The competition was launched by SeedWorks Philippines at an events center in Talavera town on September 12, 2019 and attended by more than 250 farmers, distributors, dealers, and other stakeholders. US-88 is being promoted for planting in Central Luzon after it has been observed to be highly suitable for planting in Nueva Ecija and other provinces in the region. Besides a high yield, US-88 produces long grains with superior eating quality. The grains are soft when cooked, a characteristic preferred by many consumers. The grains are also suitable for milling into brown rice, which is considered healthier than well-milled rice.

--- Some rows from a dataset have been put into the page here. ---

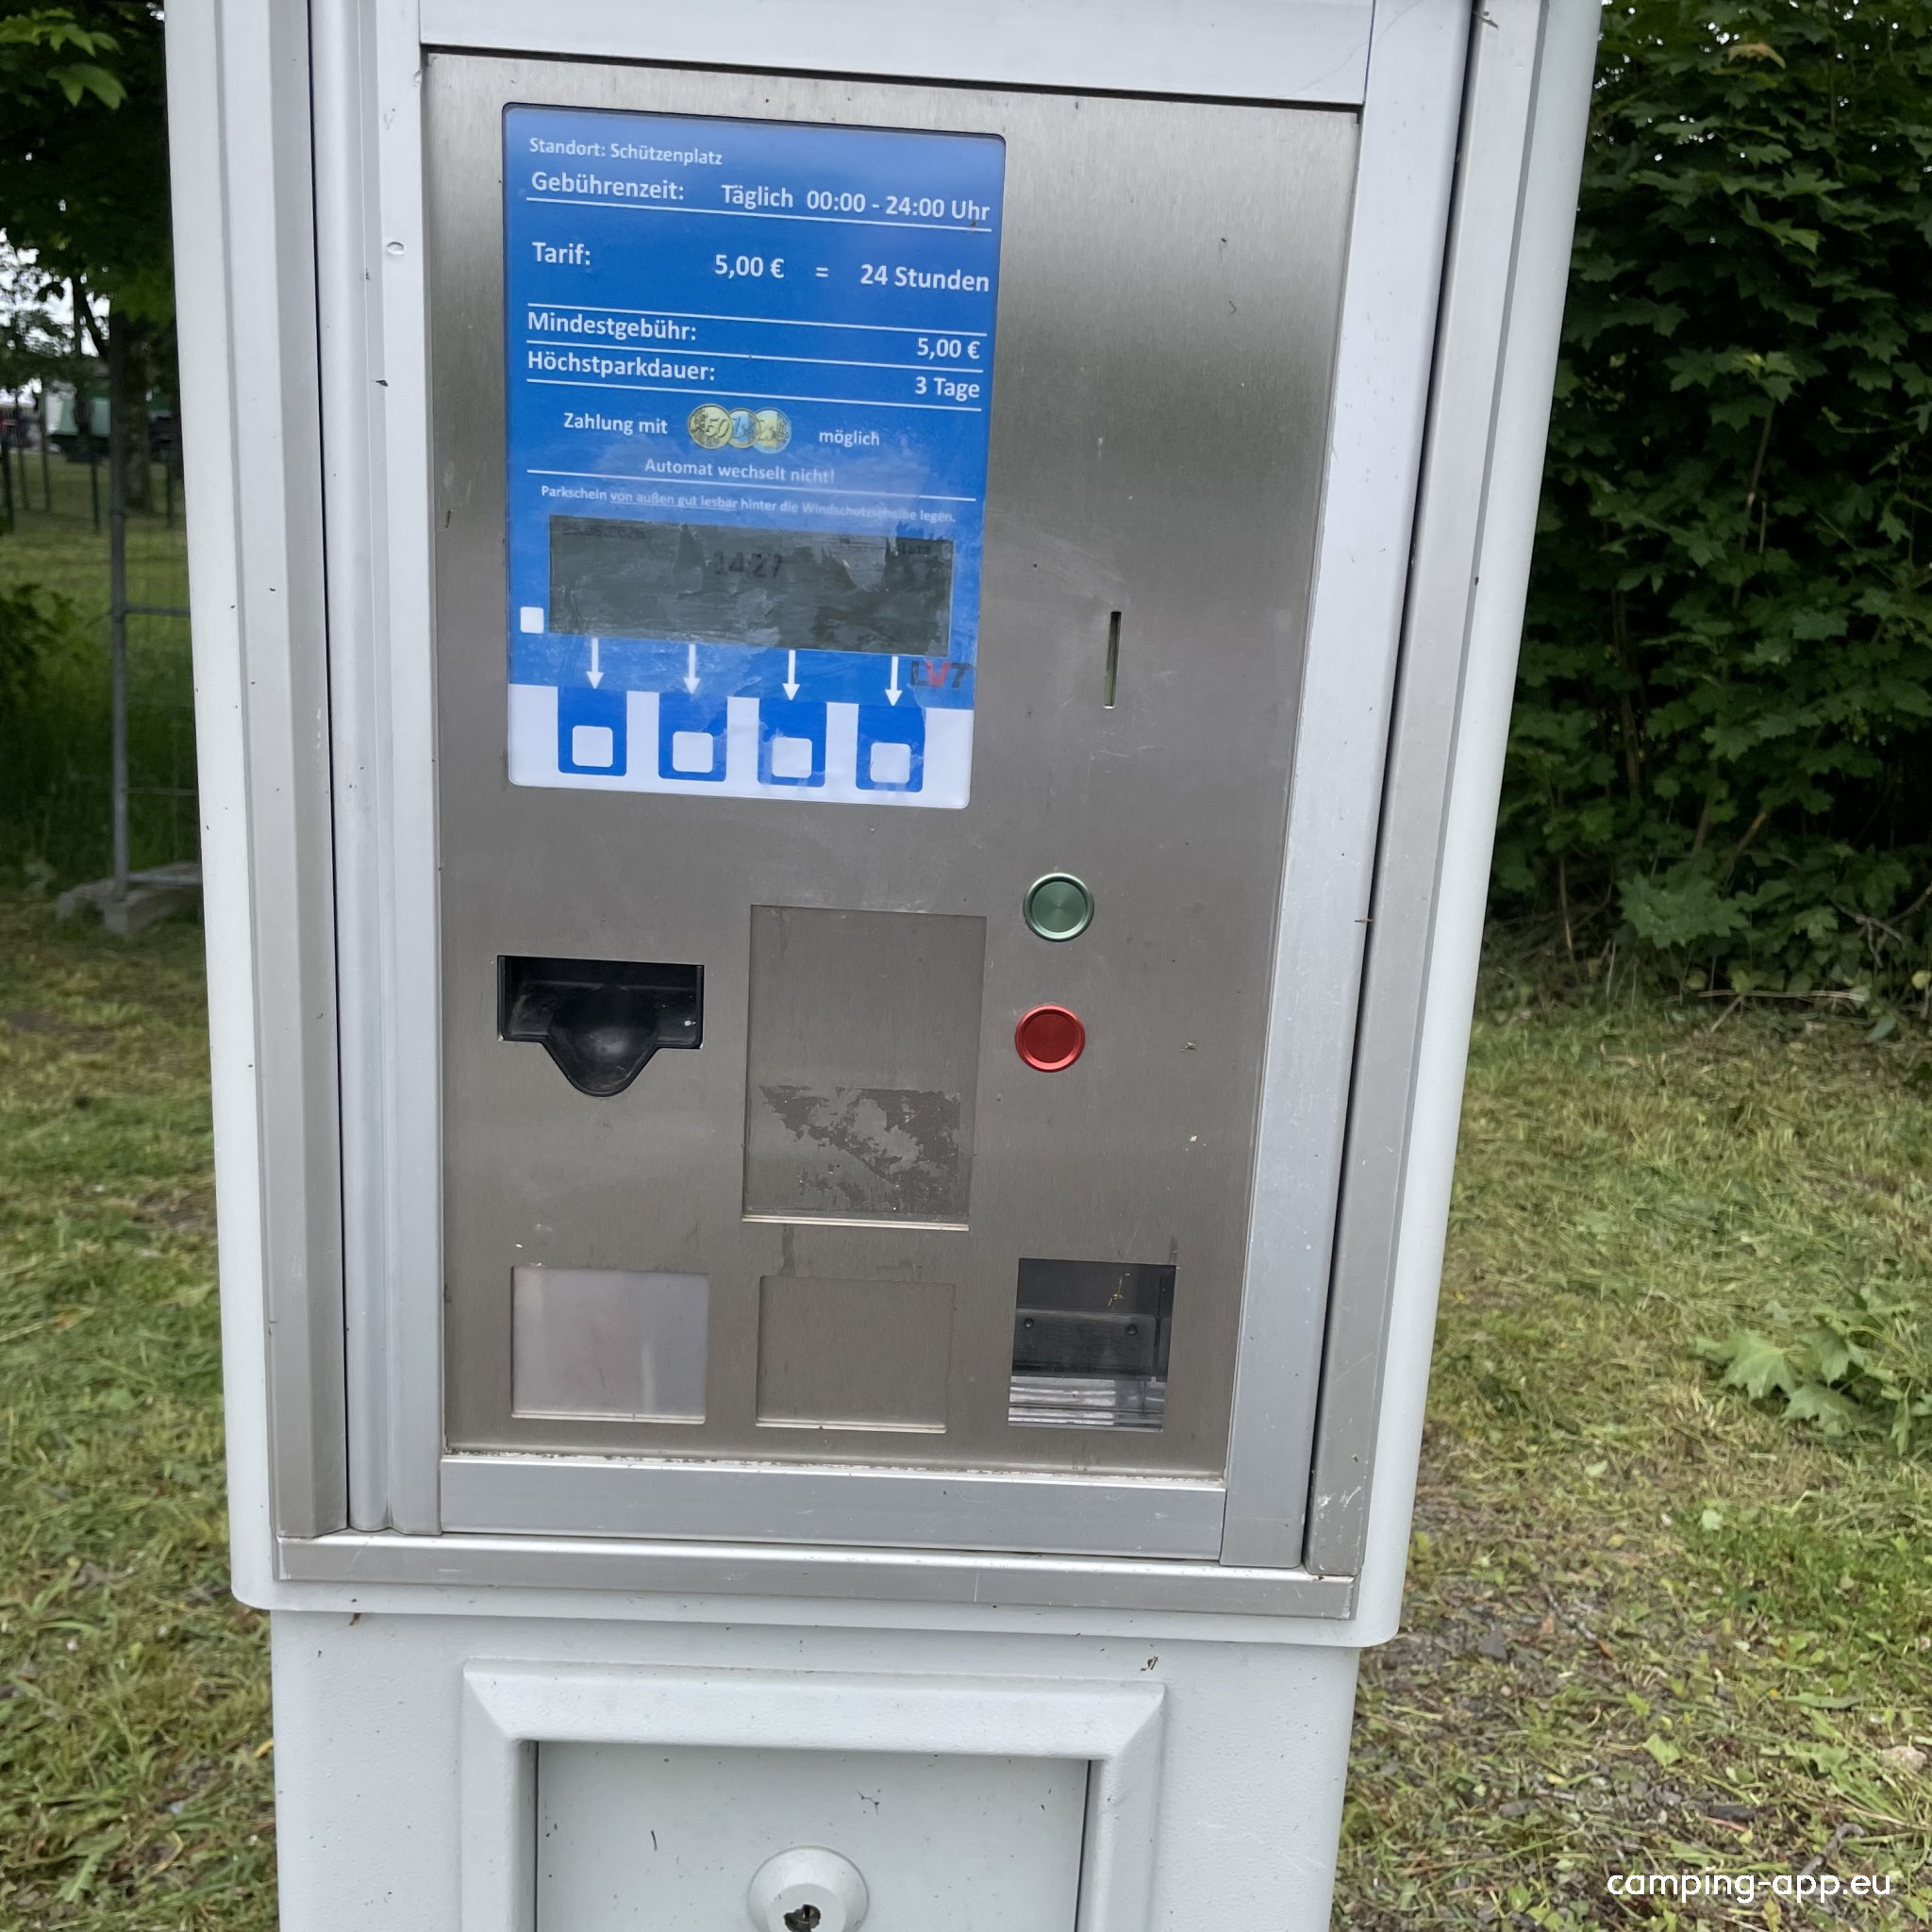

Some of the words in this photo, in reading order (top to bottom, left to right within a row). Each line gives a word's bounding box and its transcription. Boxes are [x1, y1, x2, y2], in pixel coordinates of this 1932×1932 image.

[529, 138, 607, 158] Standort:
[609, 142, 723, 166] Schützenplatz
[531, 171, 685, 201] Gebührenzeit:
[721, 184, 793, 209] Täglich
[806, 190, 866, 213] 00:00
[886, 195, 945, 218] 24:00
[950, 199, 990, 221] Uhr
[532, 241, 591, 266] Tarif:
[714, 255, 764, 280] 5,00
[770, 258, 785, 278] €
[815, 265, 829, 278] =
[860, 263, 888, 286] 24
[894, 266, 990, 292] Stunden
[527, 312, 697, 341] Mindestgebühr:
[917, 337, 963, 359] 5,00
[966, 341, 980, 359] €
[527, 350, 715, 381] Höchstparkdauer:
[915, 376, 927, 395] 3
[933, 377, 980, 402] Tage
[563, 412, 633, 436] Zahlung
[638, 418, 668, 435] mit
[819, 428, 880, 448] möglich
[644, 458, 714, 476] Automat
[717, 462, 787, 480] wechselt
[790, 467, 835, 483] nicht!
[541, 485, 608, 501] Parkschein
[610, 491, 634, 502] von
[636, 491, 675, 505] außen
[677, 494, 697, 508] gut
[701, 494, 739, 508] lesbar
[741, 498, 777, 512] hinter
[780, 501, 798, 513] die
[920, 509, 956, 524] legen.

In addition, the grains have a high milling recovery of 68 to 70 percent, according to Carlos Saplala, SeedWorks president and CEO. The variety is also claimed to be resistant to rice blast and bacterial leaf blight, two major rice diseases.
Florencio Sudoy confirmed that the variety is resistant to diseases. In producing the 13 tons per hectare, he did not spray any insecticide and fungicide because he said there was no need. He saw to it, however, that the plants were well nourished. Just before transplanting, Sudoy applied six bags of complete fertilizer (14-14-14) followed by a side-dressing of one bag urea seven days after transplanting. The third application with two bags urea was done 14 days after transplanting. The last application 30 days from transplanting consisted of two bags urea and one bag muriate of potash (0-0-60).

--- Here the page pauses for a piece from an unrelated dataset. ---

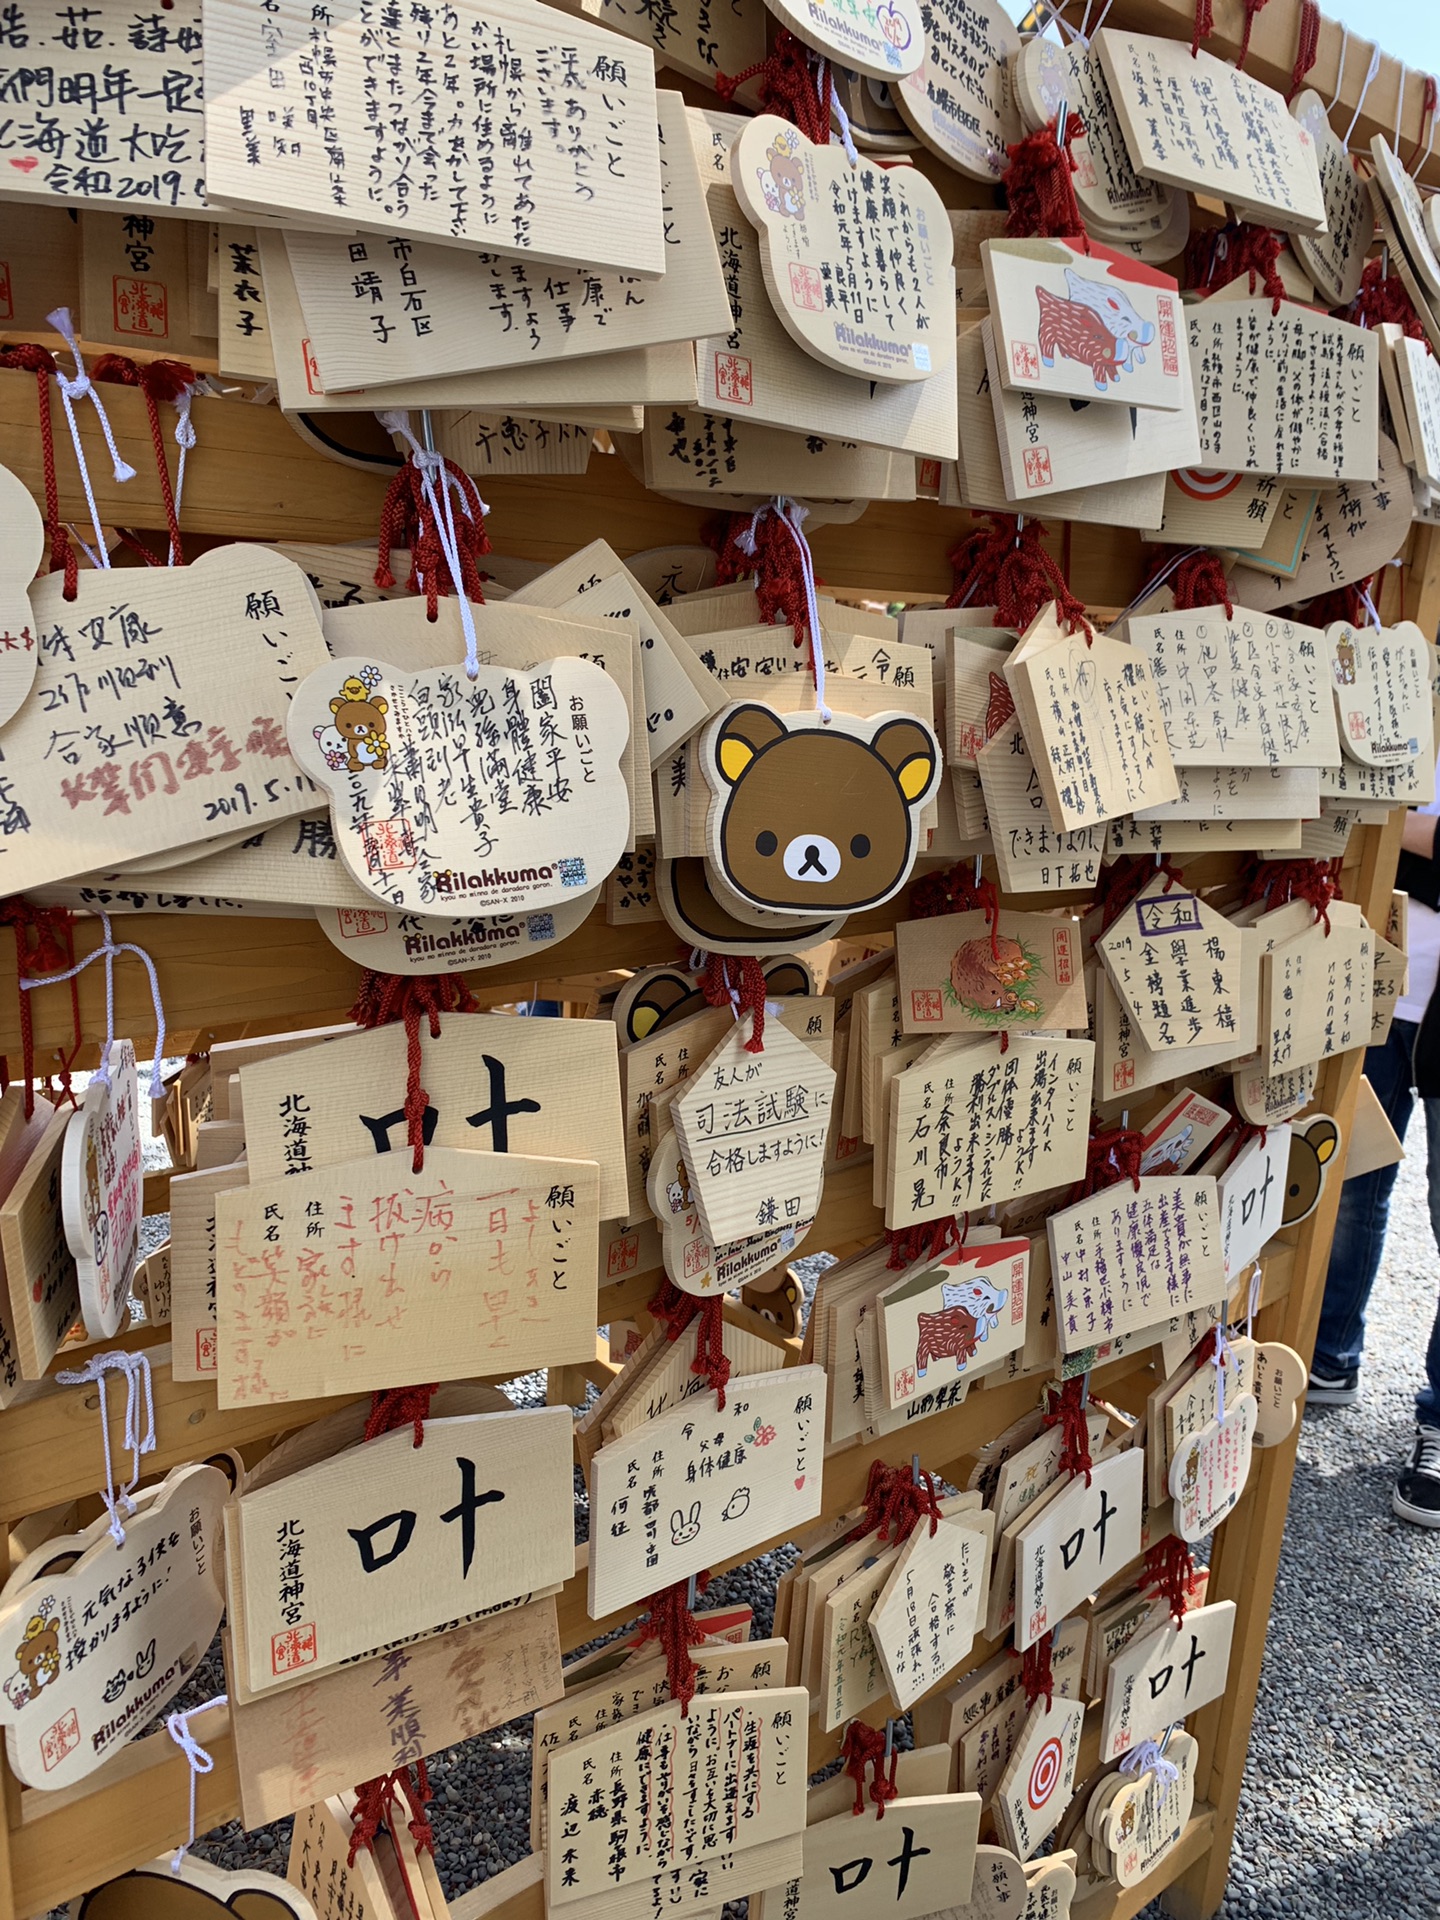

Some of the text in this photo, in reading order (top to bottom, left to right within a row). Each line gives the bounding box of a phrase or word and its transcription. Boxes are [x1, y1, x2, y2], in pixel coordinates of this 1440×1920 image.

How much did Sudoy spend to produce 13 tons per hectare? He only had a cash out of P35,000 because he himself did the land preparation with his own 42hp tractor that he bought for P1.4 million on installment at P200,000 after every cropping. Under the arrangement, he can easily amortize the amount because he uses his tractor to plow other farmers’ farms for a fee of P3,500 per hectare. That means a gross of P10,500 for three hectares that he can plow in one day. He himself does most of the driving but if he does not have the time, he hires a driver for P300 per hectare.

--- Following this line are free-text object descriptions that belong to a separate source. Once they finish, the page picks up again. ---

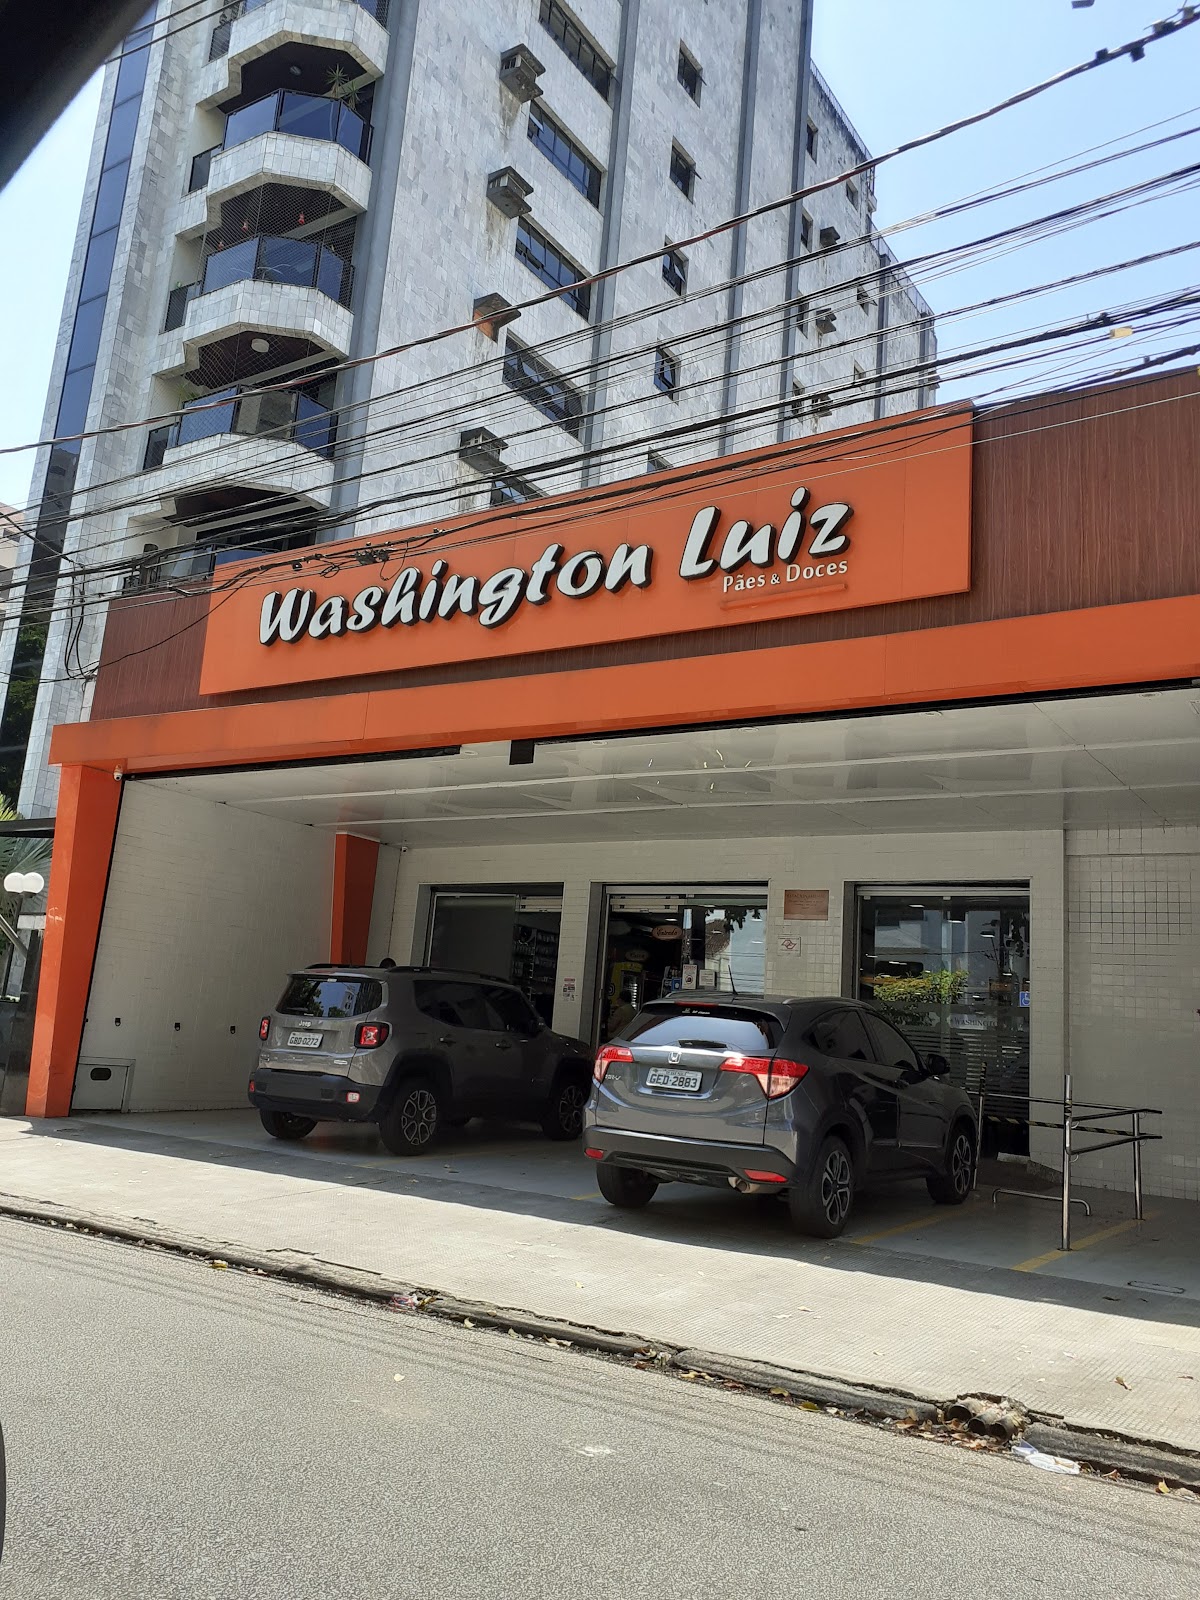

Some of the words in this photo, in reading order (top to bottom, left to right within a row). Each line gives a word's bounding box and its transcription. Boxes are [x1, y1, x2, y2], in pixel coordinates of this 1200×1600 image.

[259, 543, 654, 647] Washington
[679, 486, 854, 581] Luiz
[722, 573, 766, 593] Pães
[770, 573, 781, 585] &
[785, 560, 848, 582] Doces

How much cash did he realize from his harvest of 13 tons? He actually sold 10 tons of his palay at P19.50 per kilo, which means P195,000. More than one ton of the remainder was in payment in kind for the mechanical harvester, which was 10 cavans per hundred cavans. The rest was retained for home consumption.
After graduating from the Muñoz High School, Sudoy went to Saudi Arabia where he worked as a heavy equipment operator. Going home after three years, he got married to Nora Mendoza, a grade school teacher. Then he got employed as ordinary laborer at PhilRice, receiving a meager P7,000 salary a month. He left PhilRice after 10 years to head a farmers’ cooperative up to 2014. All the while, he continued planting rice in his two-hectare farm and for his excellence in rice production, Land Bank honored him with the Ulirang Magsasaka Award in 2014.
In 2017, PhilRice got him back, not as ordinary laborer, but as a farm technician conducting on-farm nutrient management trials that can benefit his fellow rice farmers. This time, of course, PhilRice is giving him a much higher salary. For sure he will be participating in the Hari Sa Ani competition. We will see if he can achieve the same 13-ton yield per hectare again. Or will it be better? We’ll see.
This appeared in Agriculture Monthly’s November 2019 issue.